Price Action Analysis is a trading methodology that solely focuses on recent price movements of securities. It allows traders to understand and capture the current market structure in patterns, further serving as trading signals. Reading price action intuitively is an effective way to maximize trading profits for retail traders, institutional traders, and hedge fund managers.

Although price action traders aim to “Keep It Simple Stupid”, it isn’t simple to identify “true” price action patterns. The main reason is that price action analysis is essentially a chart reading exercise. Identifying price patterns on charts is subjective and manual, which makes it challenging to analyze the effectiveness and automate trading. Partially because of this, research on popular price action patterns via verifiable evidence is based only on low-frequency data. For example, a study published by the National Bureau of Economic Research [2] demonstrates that price action patterns may work for a rolling window of 38 to 63 days. Such a long window dramatically limits the trading opportunities where higher frequency data is available.

Amazon FinSpace makes this a much easier job by relieving the traders of onerous data management and empowering them with rich analytical building blocks for data processing and scalable computing resources for sophisticated modeling or simulation.

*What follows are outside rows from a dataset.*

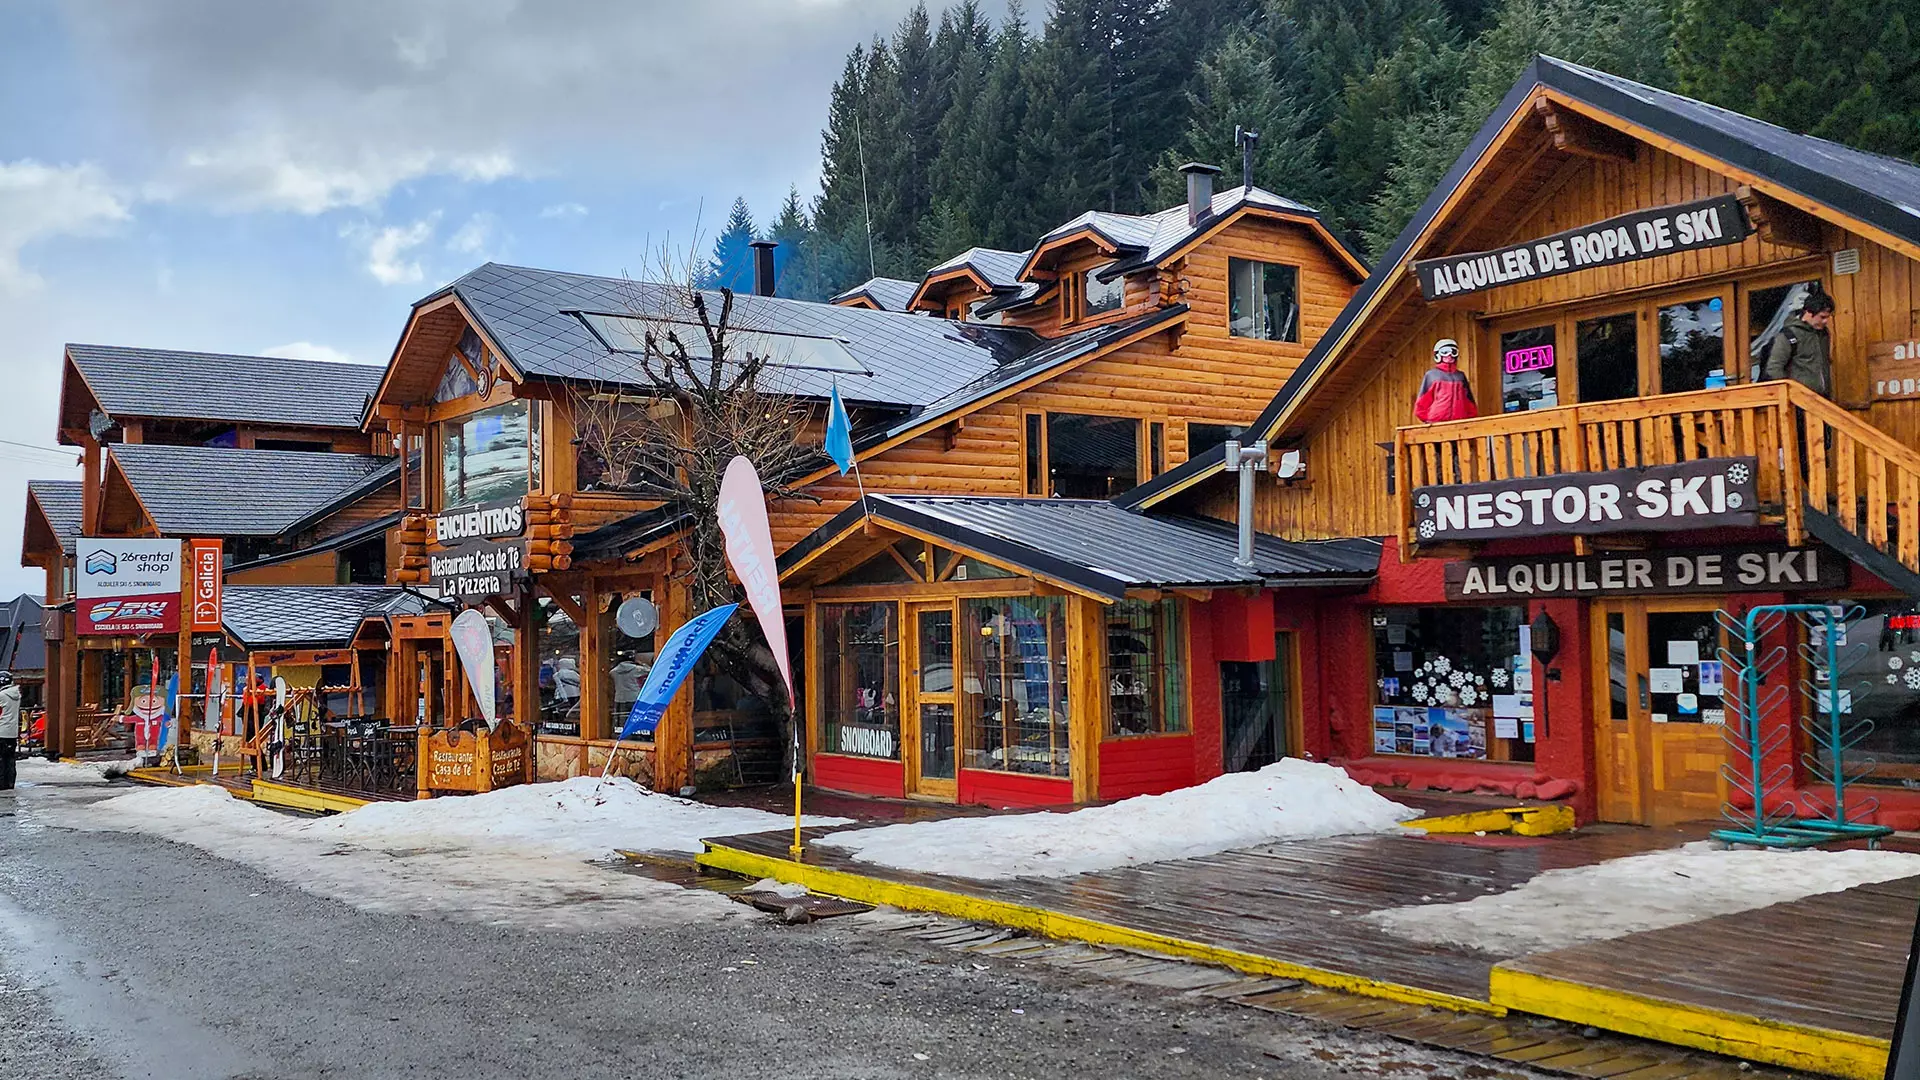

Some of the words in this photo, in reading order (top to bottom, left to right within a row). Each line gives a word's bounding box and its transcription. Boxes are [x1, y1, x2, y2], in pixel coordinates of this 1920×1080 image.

[1432, 247, 1535, 296] ALQUILER
[1535, 239, 1570, 274] DE
[1570, 226, 1636, 267] ROPA
[1636, 216, 1675, 252] DE
[1674, 206, 1723, 245] SKI
[1509, 348, 1551, 371] OPEN
[1893, 341, 1920, 360] al
[1435, 483, 1625, 532] NESTOR
[1635, 474, 1727, 519] SKI
[436, 505, 522, 541] ENCUENTROS
[120, 551, 174, 562] 26rental
[136, 562, 170, 574] shop
[431, 553, 475, 577] Restaurante
[475, 550, 496, 572] Casa
[496, 548, 507, 571] de
[507, 546, 520, 570] Té
[199, 552, 214, 599] Galicia
[1462, 558, 1654, 596] ALQUILER
[1667, 554, 1723, 587] DE
[1737, 549, 1819, 587] SKI
[443, 578, 456, 597] La
[841, 725, 892, 757] SNOWBOARD
[433, 750, 474, 763] Restaurante
[435, 763, 452, 776] Casa
[452, 764, 462, 776] de
[463, 764, 472, 776] Té
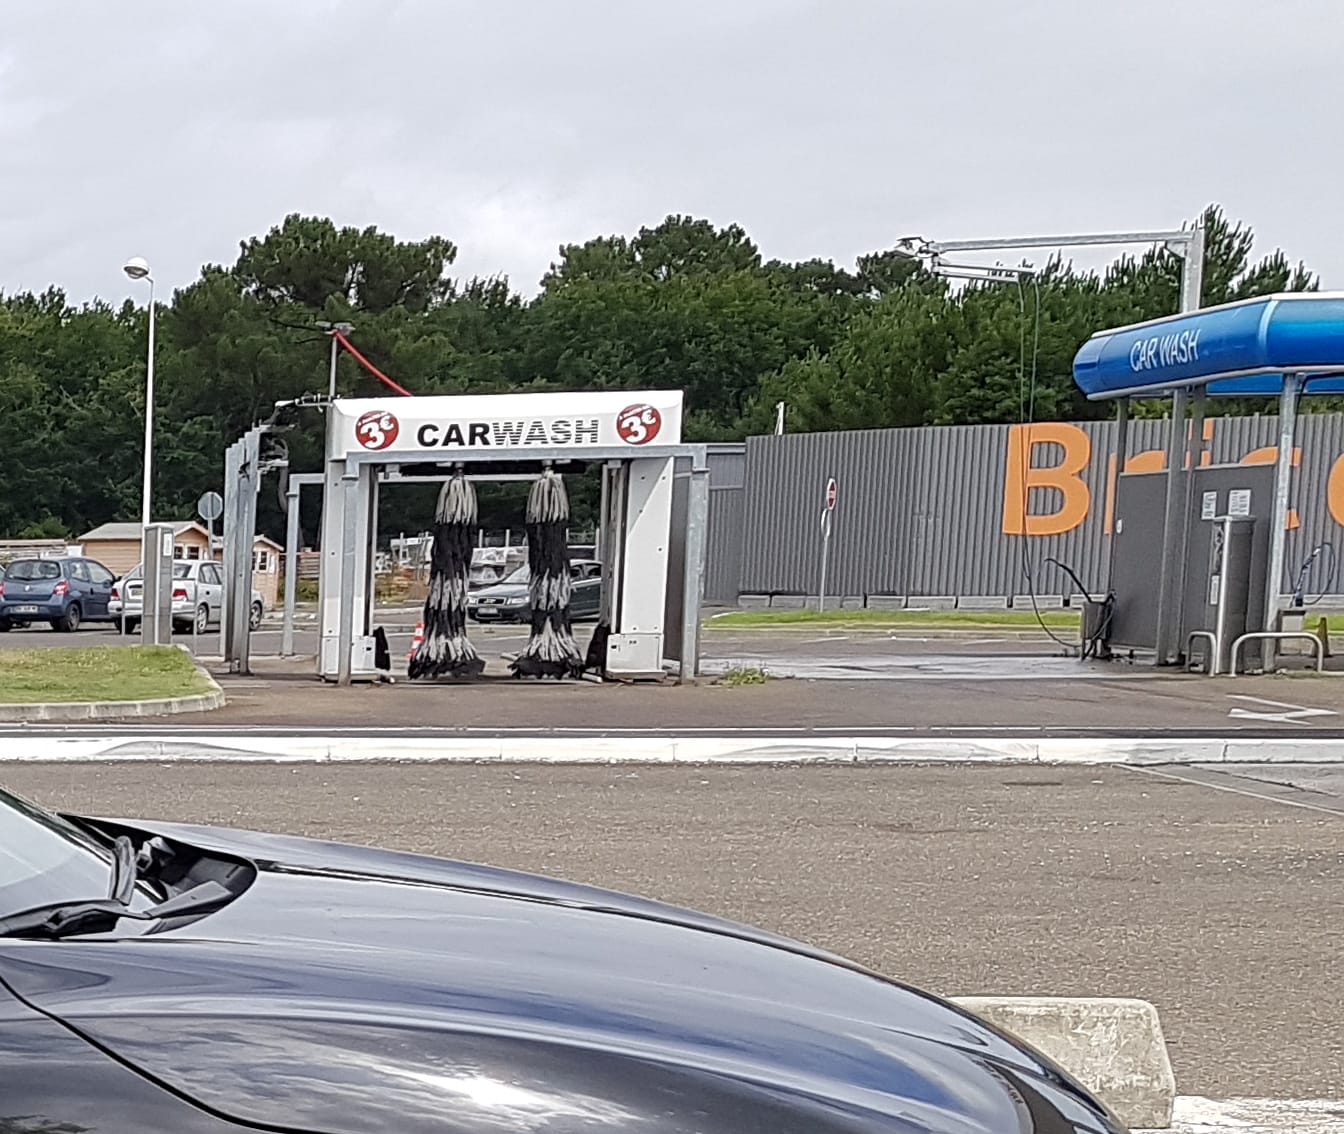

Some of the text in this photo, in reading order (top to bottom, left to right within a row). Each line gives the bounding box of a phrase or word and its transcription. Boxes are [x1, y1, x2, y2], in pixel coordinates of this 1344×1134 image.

[1130, 328, 1201, 372] CAR WASH
[416, 419, 599, 447] CARWASH
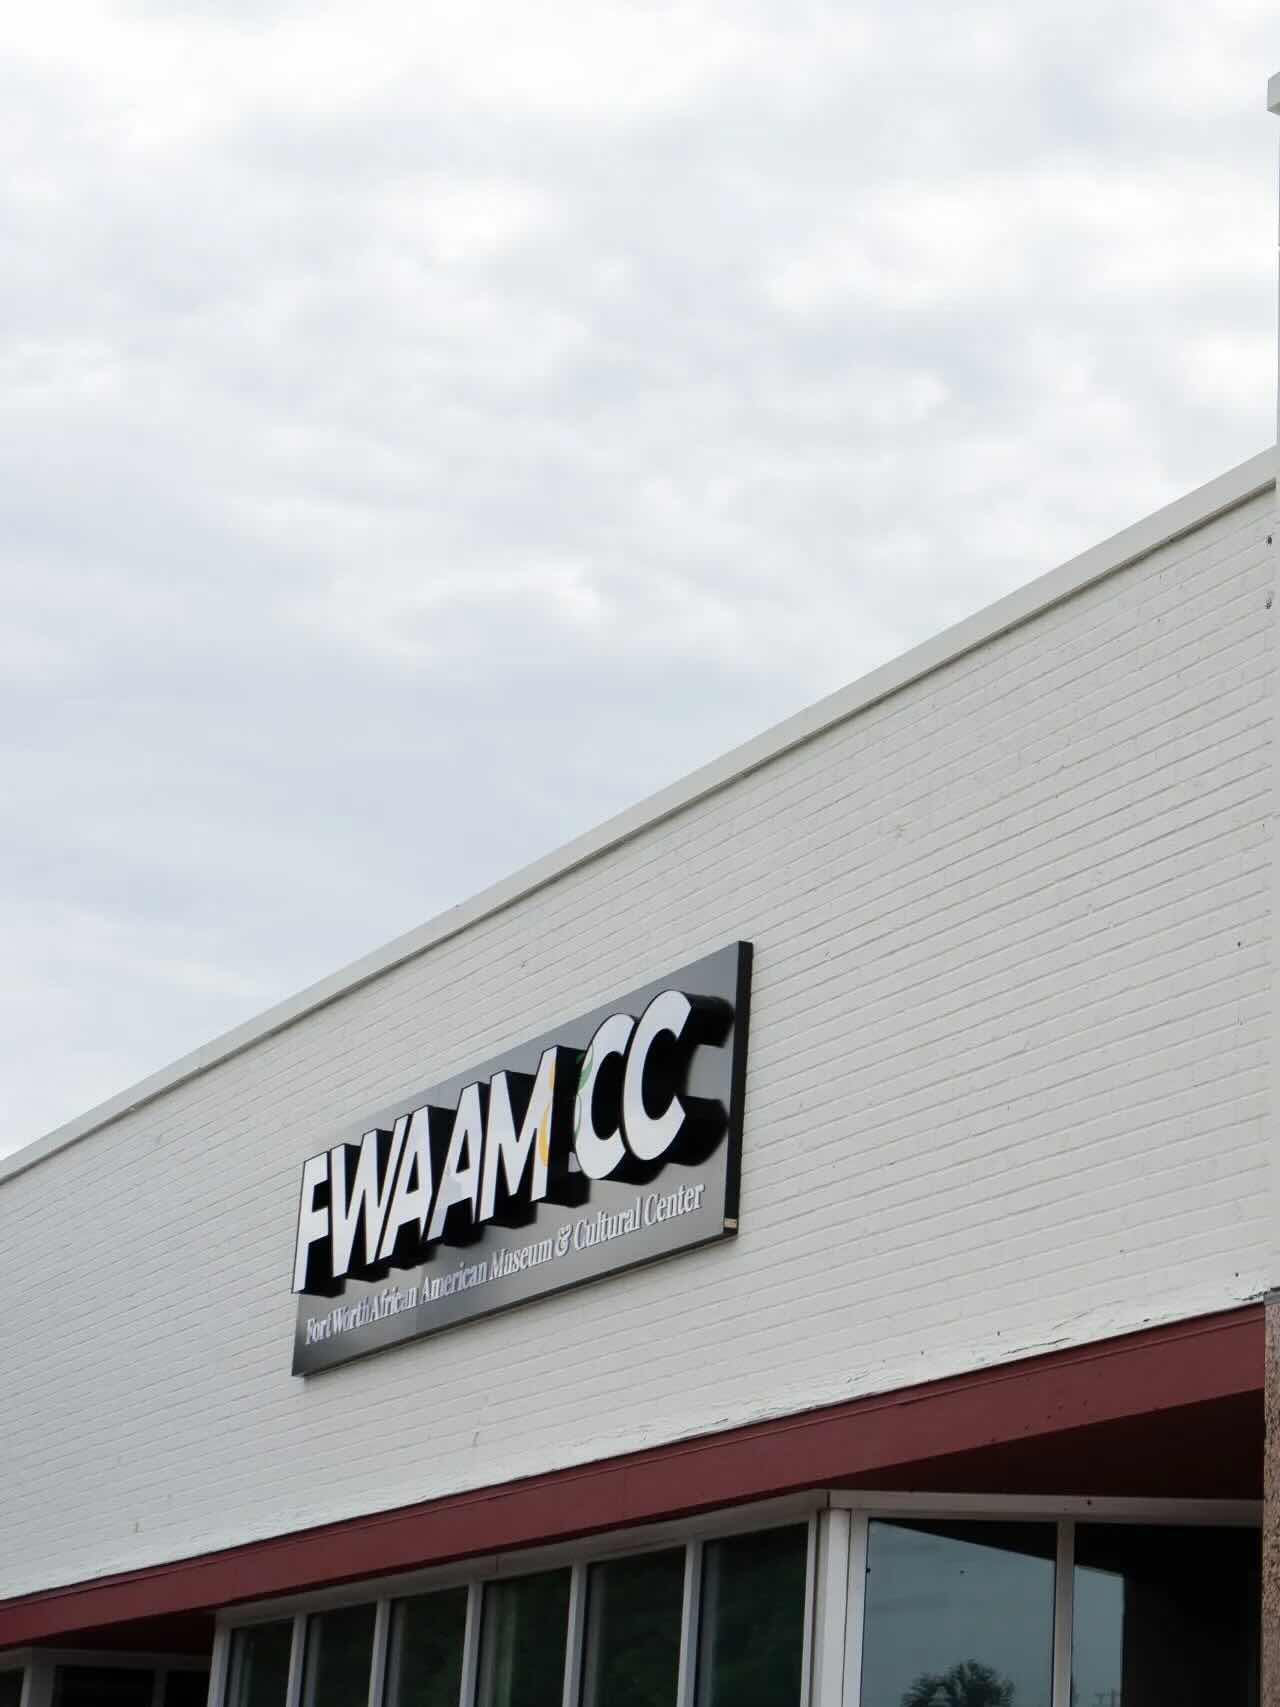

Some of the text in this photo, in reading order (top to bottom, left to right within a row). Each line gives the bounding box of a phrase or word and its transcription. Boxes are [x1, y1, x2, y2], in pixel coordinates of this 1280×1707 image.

[305, 1183, 705, 1345] Fort Worth African American Museum & Cultural Center
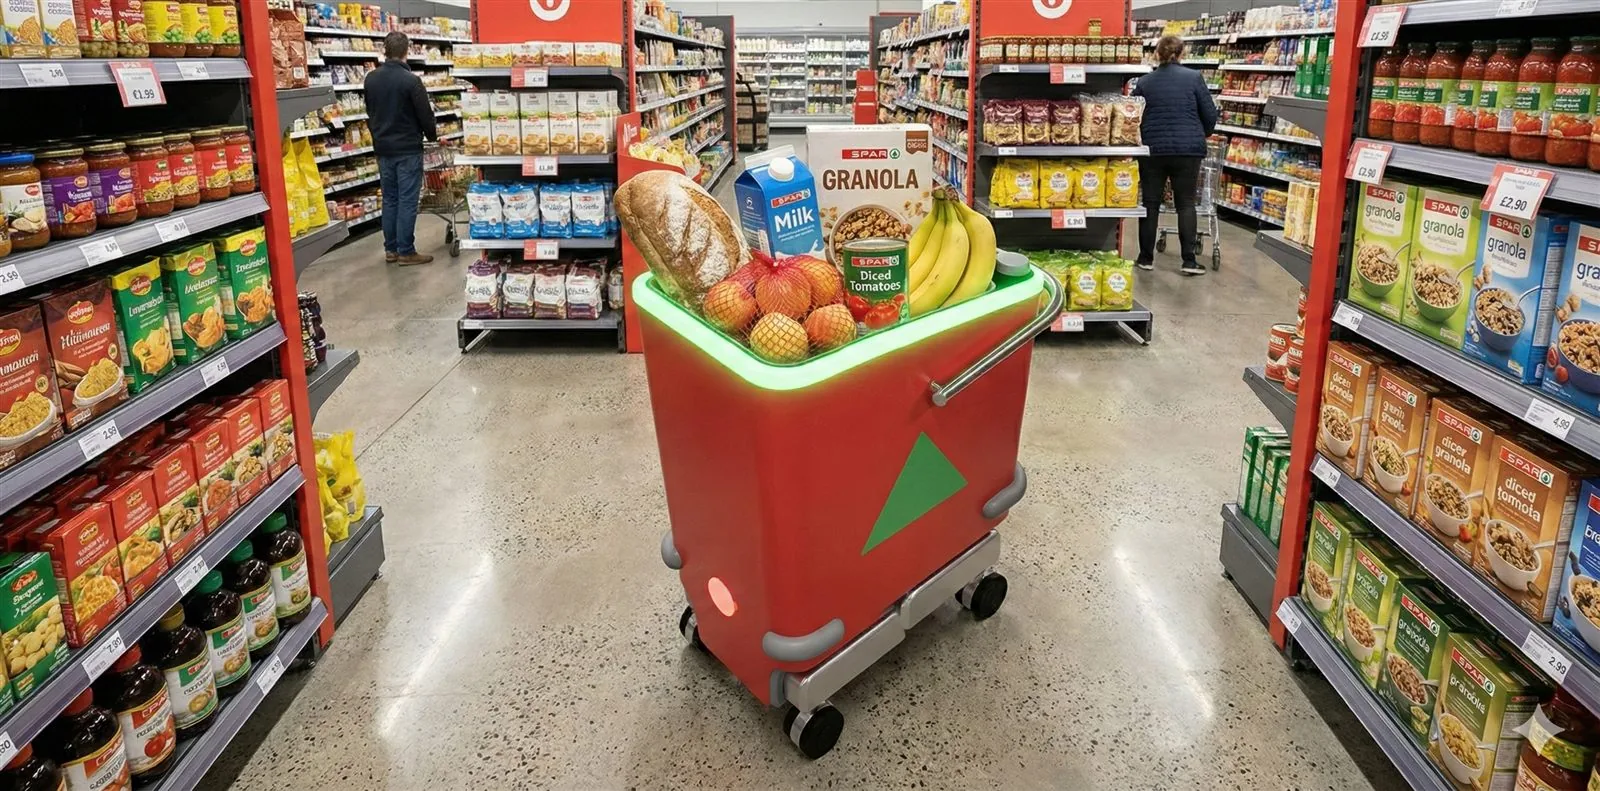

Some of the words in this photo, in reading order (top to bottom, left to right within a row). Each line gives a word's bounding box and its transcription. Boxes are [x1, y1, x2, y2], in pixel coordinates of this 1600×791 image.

[851, 150, 887, 158] SPAR
[822, 169, 919, 190] GRANOLA
[1372, 188, 1396, 200] SPAR
[774, 206, 815, 232] Milk
[1365, 204, 1401, 221] granola
[1431, 202, 1459, 216] SPAR
[1423, 219, 1465, 238] granola
[1496, 217, 1521, 233] SPAR
[1487, 237, 1527, 260] granola
[860, 269, 892, 280] Diced
[850, 280, 901, 292] Tomatoes
[1386, 381, 1408, 401] SPAR
[1443, 414, 1471, 437] SPAR
[1435, 445, 1472, 475] granola
[1507, 453, 1540, 478] SPAR
[1505, 477, 1537, 503] diced
[1406, 601, 1432, 628] SPAR
[1458, 656, 1485, 684] SPAR
[1548, 656, 1567, 675] 2.99

Head and Shoulders pattern

This post uses the famous Head and Shoulders (HS) pattern to illustrate how to leverage FinSpace to perform price action analysis. Traders widely follow HS as one of the most reliable price action patterns to predict a bullish-to-bearish trend reversal. Various algorithms exist for identifying HS patterns. We choose an algorithm [1] that identifies HS patterns within a given time window by smoothing price movements and finding the local maxima and minima. The resultant HS patterns can be generated at any frequency supported by the underlying dataset and visualized for traders to verify their validity. The framework is generic, and FinSpace users can similarly evaluate other price action patterns with their choices of identification algorithms.

You can find detailed HS pattern definitions and related trading strategies on many websites and books. The following is a sample HS chart on [4].



The following is the workflow implemented in this post:

load data

  1. Load Data: Load raw security price data into FinSpace for further processing and analysis
  2. Select Data Frequency: Select the desired trading frequency
  3. Prepare Data: Prepare data for the pattern identification algorithm/model
  4. Identify Price Action Patterns: Run the algorithm/model to identify the price action patterns
  5. Visualize Patterns: Plot the pattern on the price chart for verification

Solution overview

The following is the high-level architecture of the price action analysis framework. We use a Jupyter notebook and the managed Spark cluster provided by FinSpace to implement the HS identification algorithm and perform the analysis.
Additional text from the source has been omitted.